╭─ RECORDS FOR THIS EXERCISE
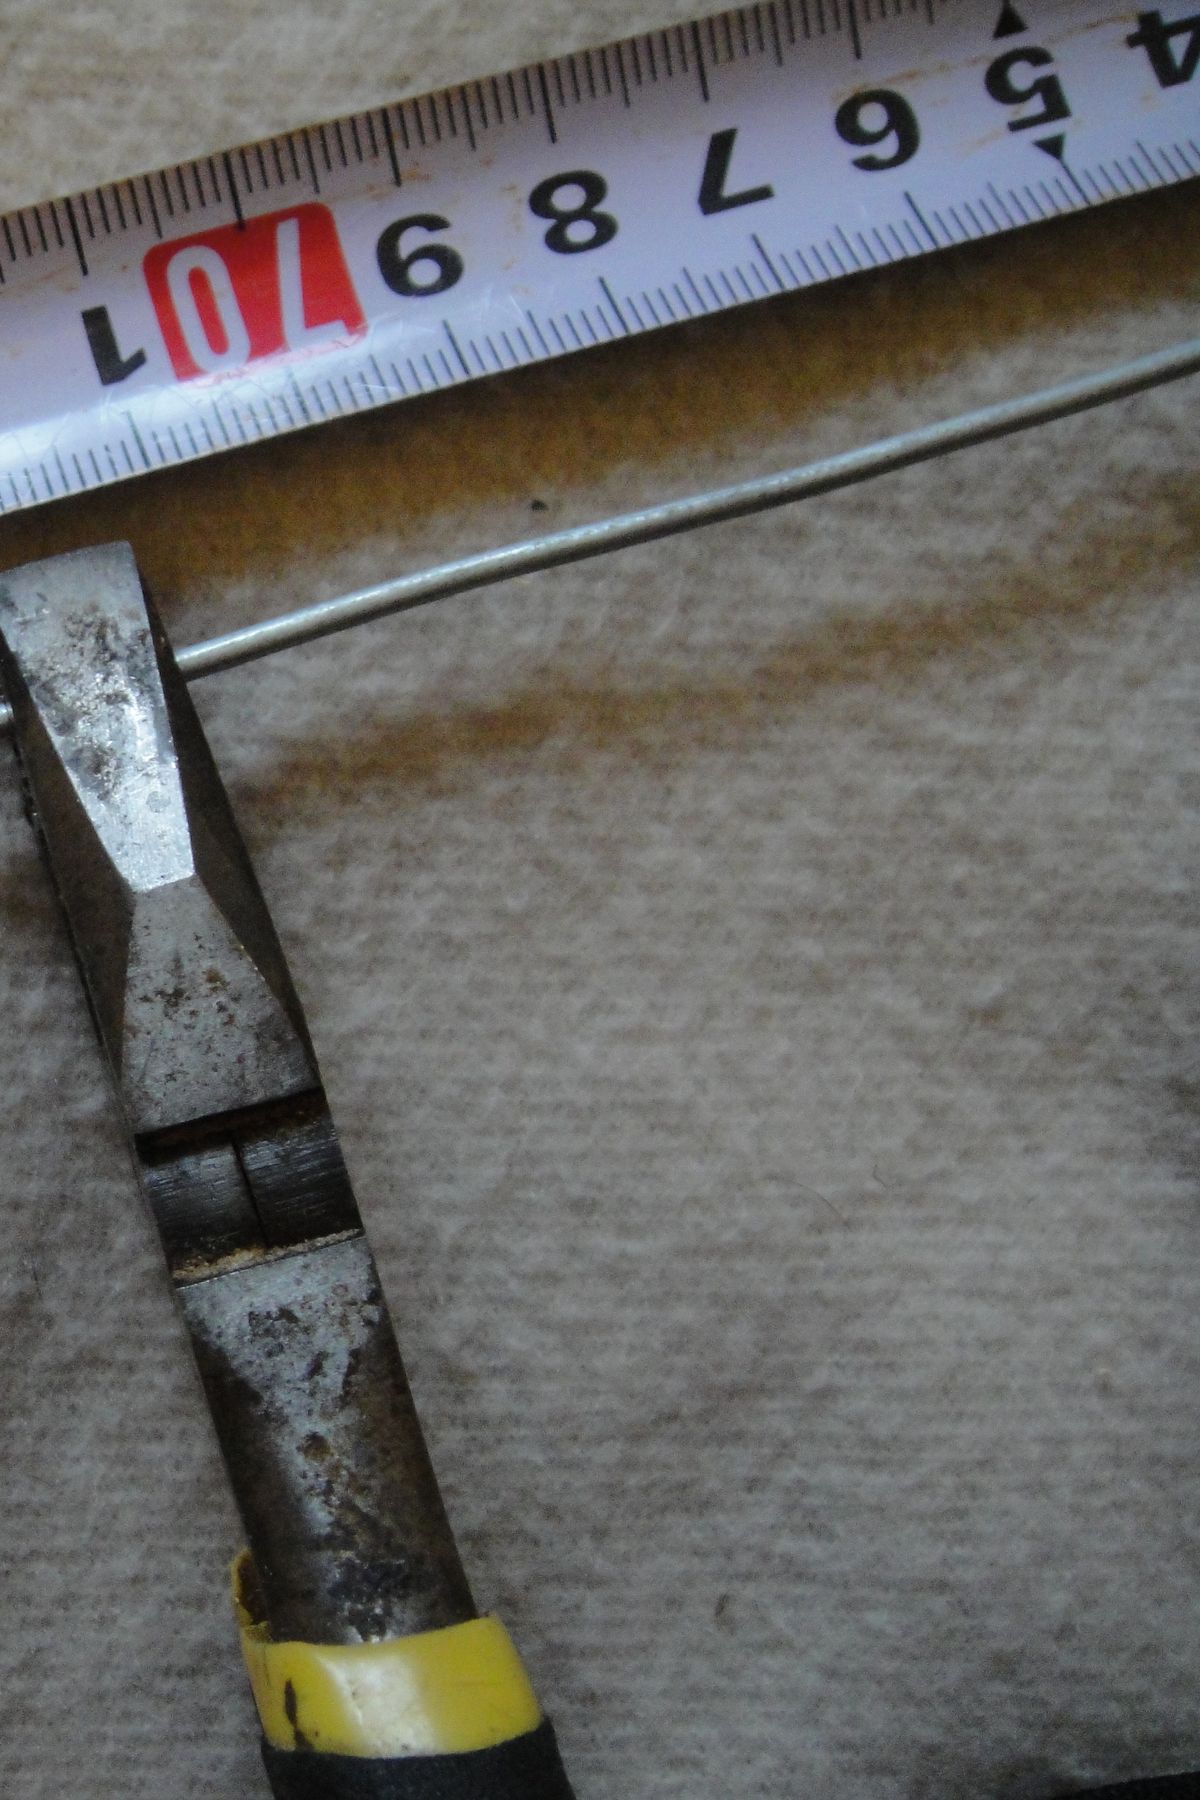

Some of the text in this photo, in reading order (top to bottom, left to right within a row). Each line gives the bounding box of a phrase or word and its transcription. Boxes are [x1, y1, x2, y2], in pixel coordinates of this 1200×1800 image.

[983, 45, 1072, 133] 5
[1125, 9, 1200, 88] 4
[698, 127, 775, 216] 7
[833, 87, 920, 172] 6
[527, 169, 618, 255] 8
[167, 217, 351, 373] 70
[375, 213, 463, 298] 9
[80, 305, 147, 386] 1
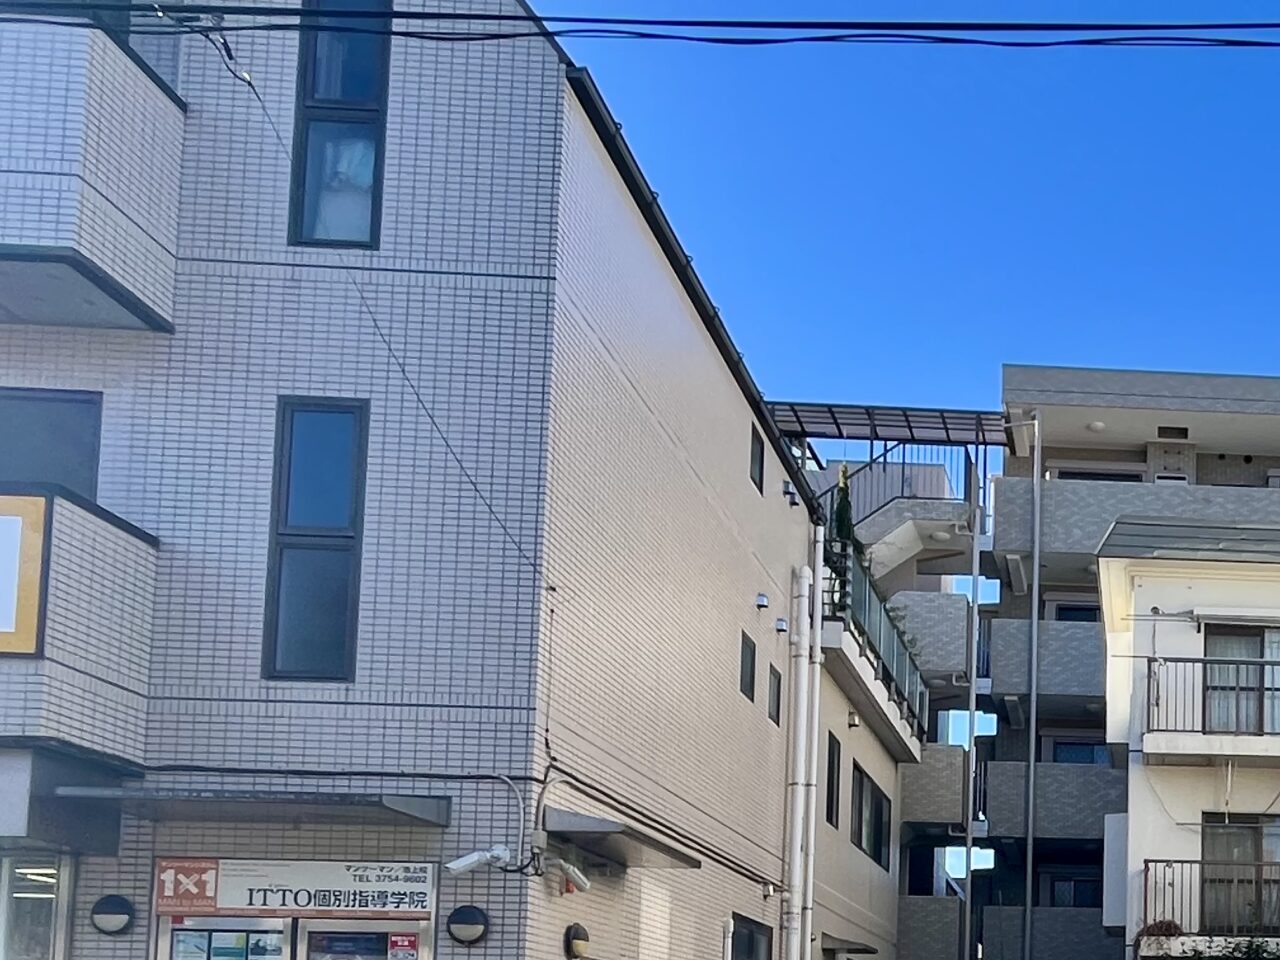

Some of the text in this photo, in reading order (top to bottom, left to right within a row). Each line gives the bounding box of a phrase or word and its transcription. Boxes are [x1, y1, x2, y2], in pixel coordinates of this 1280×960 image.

[352, 873, 371, 883] TEL
[246, 887, 429, 908] ITTO個別指導学院
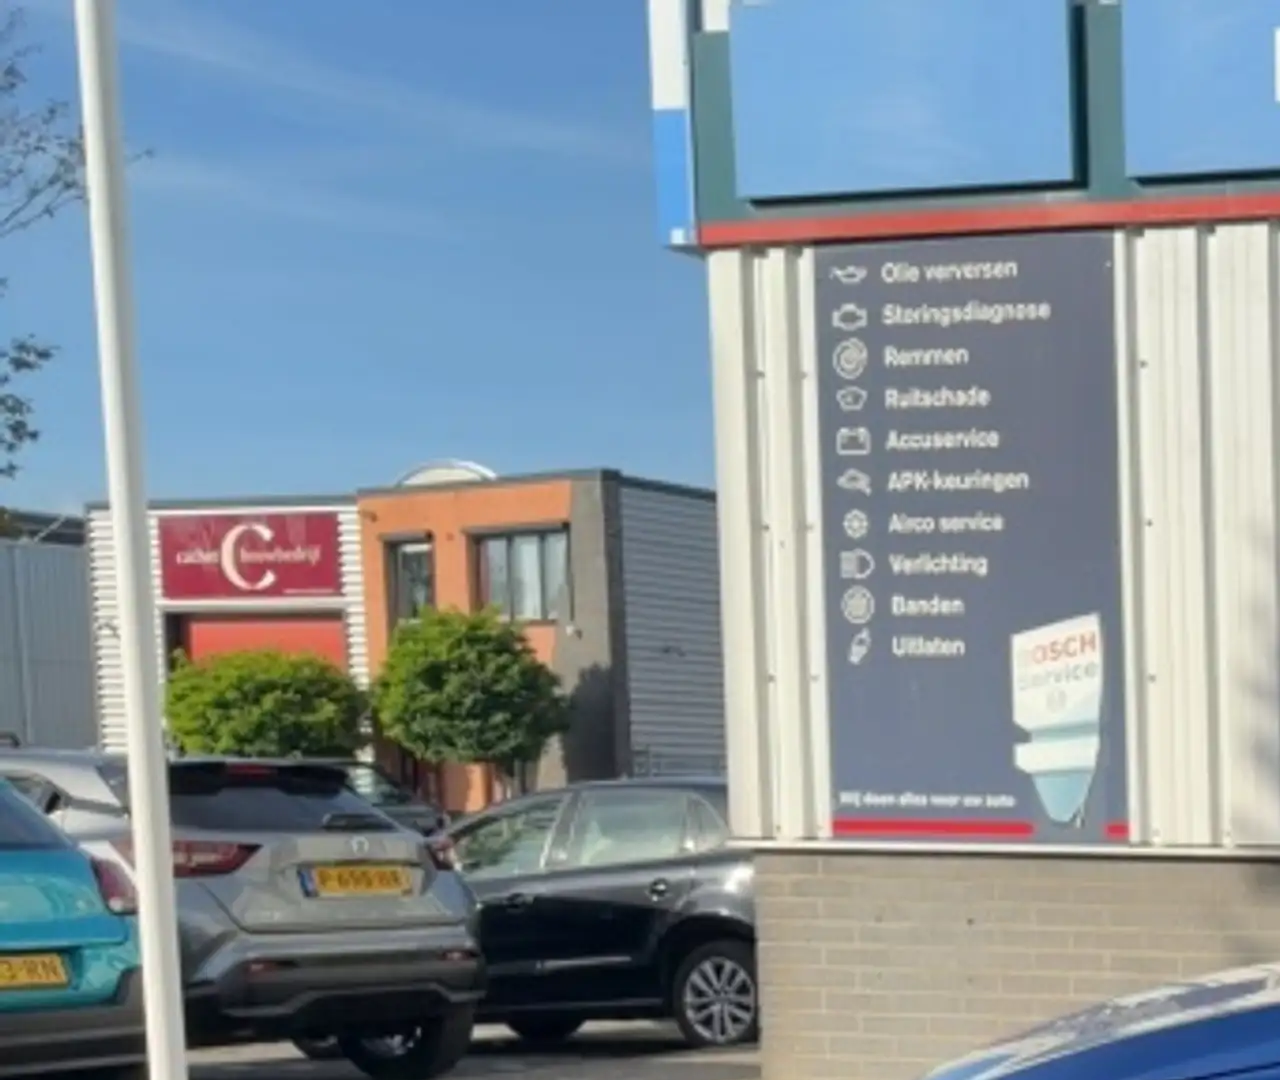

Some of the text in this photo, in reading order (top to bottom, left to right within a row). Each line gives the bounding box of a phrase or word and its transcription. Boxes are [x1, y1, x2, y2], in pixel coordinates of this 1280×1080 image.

[880, 261, 920, 283] Olie
[884, 345, 969, 367] Remmen
[884, 385, 991, 409] Ruitschade
[885, 428, 1000, 450] Accuservice
[887, 469, 1029, 493] APK-keuringen
[888, 512, 1004, 534] Airco service
[889, 553, 988, 576] Verlichting
[891, 594, 964, 616] Banden
[892, 636, 965, 657] Uitlaten
[1016, 632, 1096, 665] OSCH
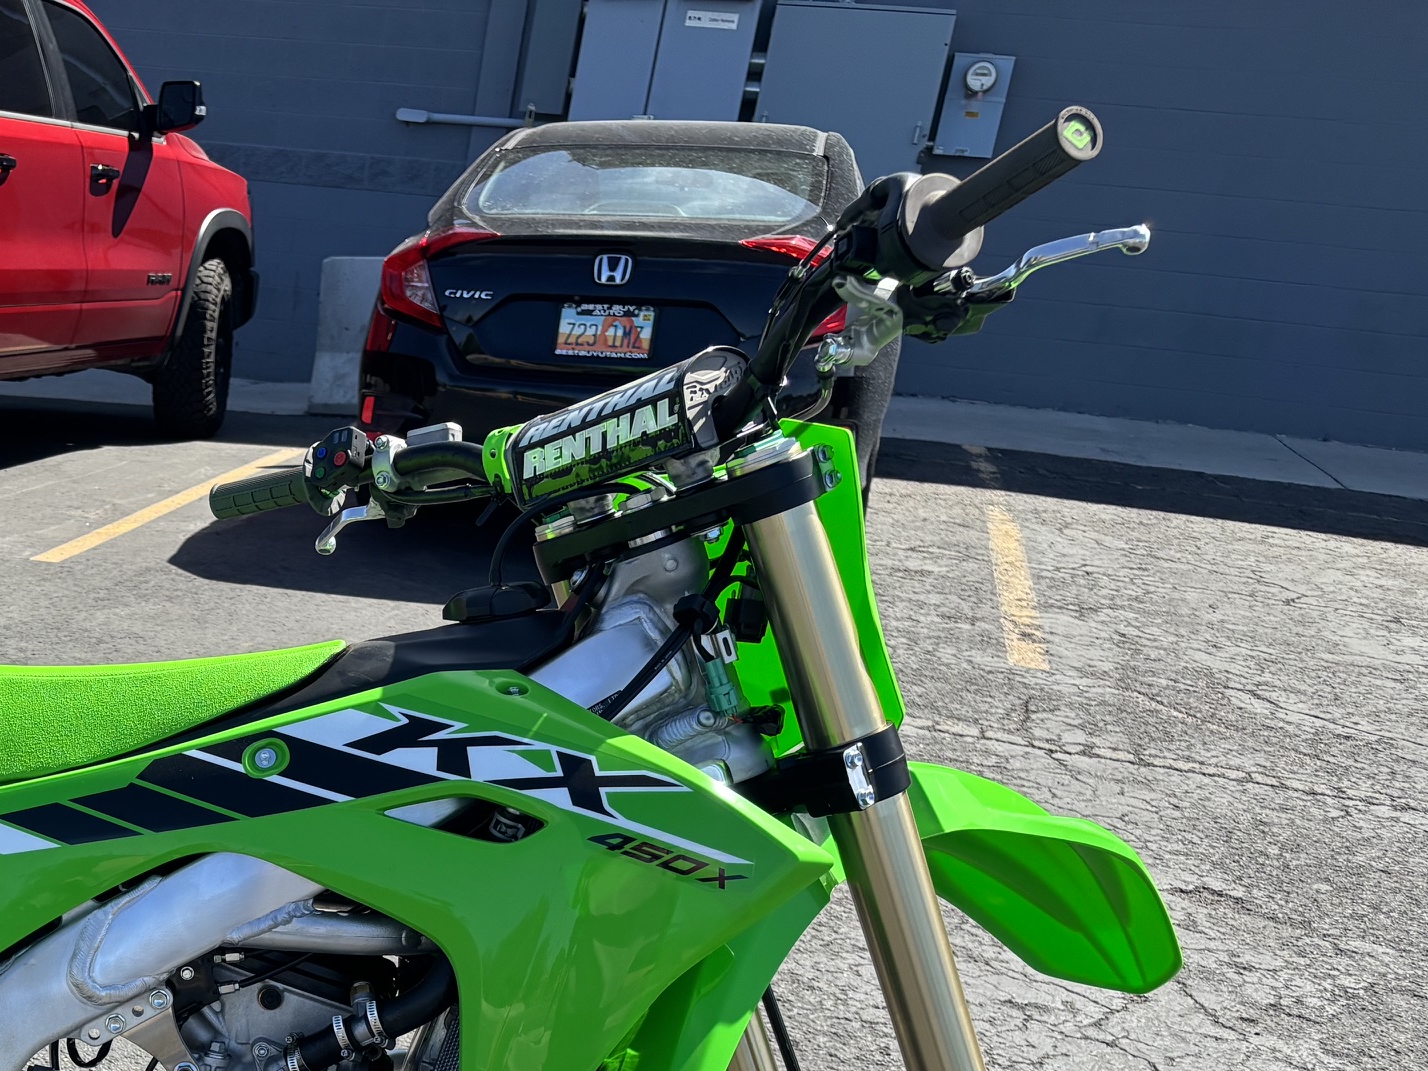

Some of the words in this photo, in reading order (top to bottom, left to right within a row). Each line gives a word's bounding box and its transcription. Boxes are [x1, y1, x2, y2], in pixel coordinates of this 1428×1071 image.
╰─
Your copy should repeat each entry above exactly but contain no pictures.

Some of the text in this photo, in reading order (top to bottom, left to right within a row). Each line gives the bounding box of a phrase or word and its transcription. Boxes are [x1, y1, x2, y2], in pixel coordinates of this 1200×1800 image.

[983, 45, 1072, 133] 5
[1125, 9, 1200, 88] 4
[698, 127, 775, 216] 7
[833, 87, 920, 172] 6
[527, 169, 618, 255] 8
[167, 217, 351, 373] 70
[375, 213, 463, 298] 9
[80, 305, 147, 386] 1

Some of the text in this photo, in reading order (top to bottom, left to right within a row). Each line gives the bounding box of a phrase or word and its transcription. Boxes are [x1, y1, x2, y2], in pixel coordinates of this 1280×960 image.

[352, 873, 371, 883] TEL
[246, 887, 429, 908] ITTO個別指導学院

Some of the text in this photo, in reading order (top to bottom, left to right within a row). Each line gives the bounding box of a phrase or word and its transcription. Boxes are [x1, y1, x2, y2], in pixel coordinates of this 1280×1080 image.

[880, 261, 920, 283] Olie
[884, 345, 969, 367] Remmen
[884, 385, 991, 409] Ruitschade
[885, 428, 1000, 450] Accuservice
[887, 469, 1029, 493] APK-keuringen
[888, 512, 1004, 534] Airco service
[889, 553, 988, 576] Verlichting
[891, 594, 964, 616] Banden
[892, 636, 965, 657] Uitlaten
[1016, 632, 1096, 665] OSCH

Some of the words in this photo, in reading order (top to bottom, left to right within a row). Each line gives a word's bounding box and its transcription. Boxes are [x1, y1, x2, y2], in pixel coordinates of this 1428×1071 image.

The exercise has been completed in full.